My Pancake Problem

A few months ago my wife Becca and I renewed our Costco membership and went on a shopping spree. When you’re at Costco you lose not only your sense of scale, but your sense of right and wrong. I’ll be the first to admit that a 10 pound bag of Krusteaz pancake mix really has no business existing in the first place… but we bought one anyway. Enter the monstrosity you see pictured here to the right.

Flash forward three weeks later and Becca suddenly declares that she hates Krusteaz pancakes. We hadn’t gone and gorged ourselves on pancakes, so it wasn’t like she was just temporarily sick of them. Oh no, it was much worse than that – she just up and decided that she could no longer eat pancakes made using Krusteaz mix ever again.

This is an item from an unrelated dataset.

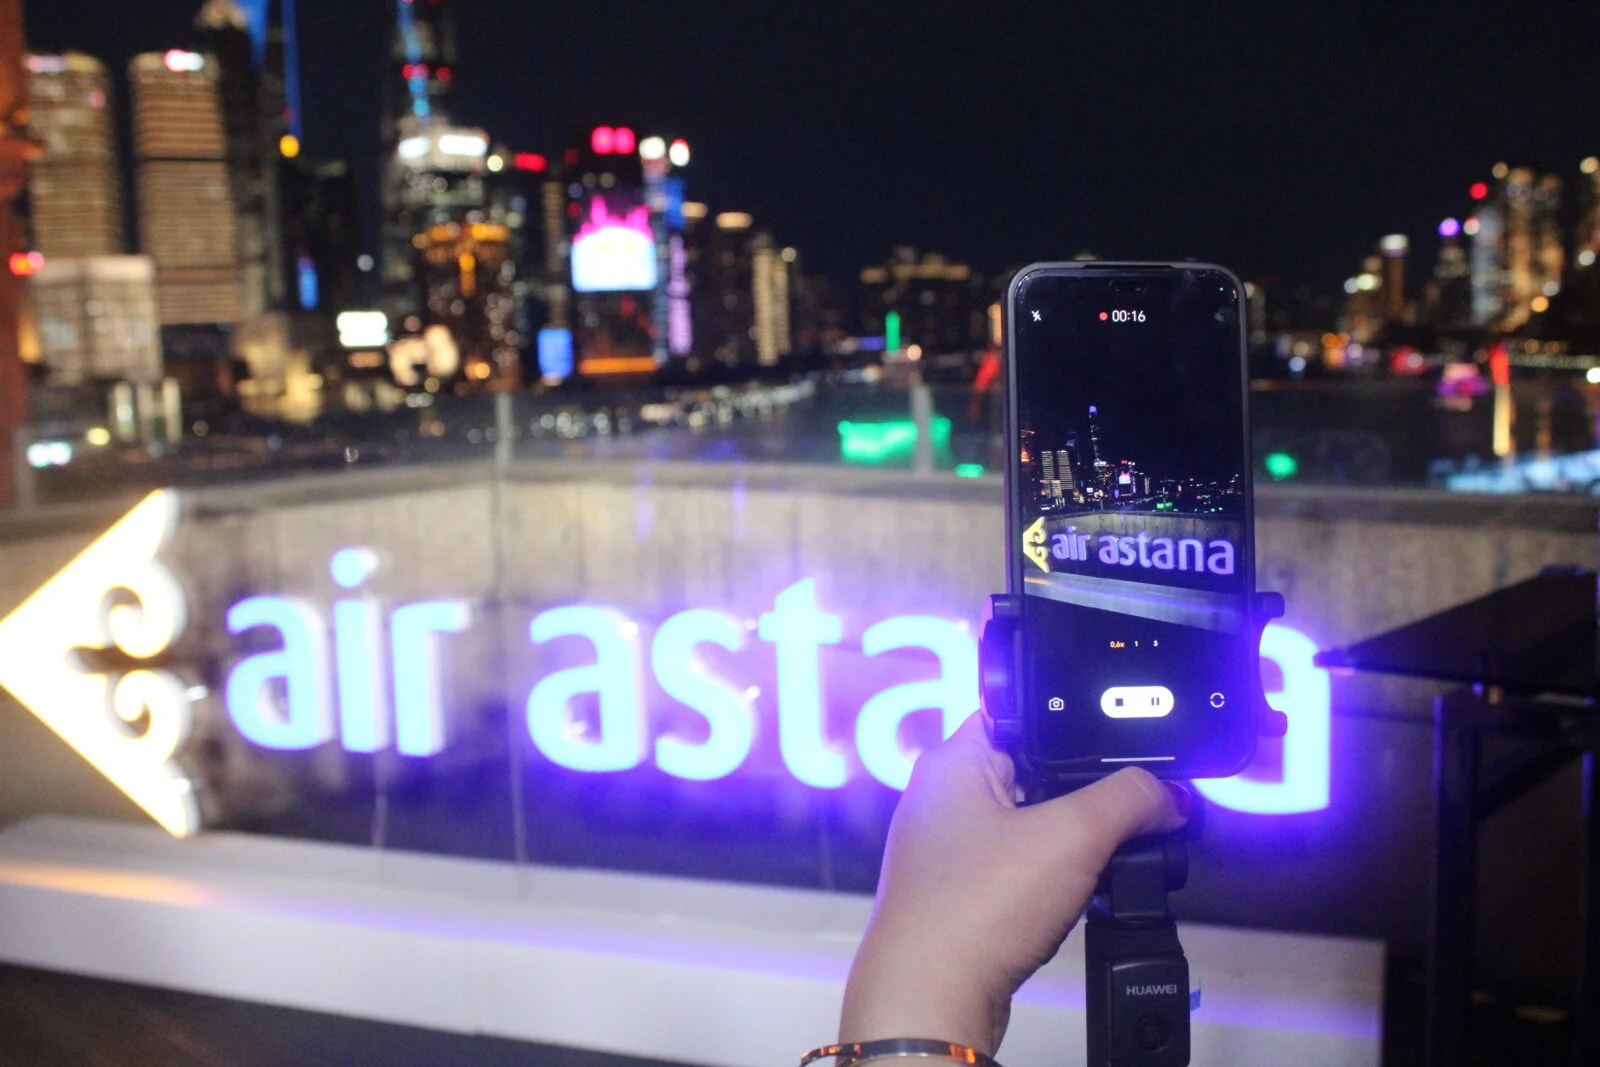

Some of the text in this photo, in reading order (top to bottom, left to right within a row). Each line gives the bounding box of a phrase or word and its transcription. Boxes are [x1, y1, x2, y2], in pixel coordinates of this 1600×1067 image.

To put this madness in perspective: I’ve been buying the small boxes of Krusteaz mix from the grocery store since before Becca and I even met. She’s been eating these pancakes for the past seven years – AMPLE TIME to decide that she didn’t like them before we bought a bag of the mix large enough to feed a small African village for a month. It was already ludicrous to buy that bag to feed just two people, and I don’t think that I can fly this mission solo.

I’m scared.

I could try to give some of the pancake mix away, but I don’t think that dropping off ziplock bags full of white powder at my local food bank is going to go over too well. Instead, my¬†current plan is to dump half the bag on Becca while she’s taking a shower (the beauty of this mix is that you only have to add water), and then to slowly consume the other half by myself over the course of the next 19 months.

That’s right, the “use by” date printed on the bag is September 2012. Becca and I could theoretically conceive a child, give birth to it, and teach it to say the word “pancake” in the time it will take for this mix to expire. If I have to eat all of these pancakes alone, however, I’ll be expiring long before then.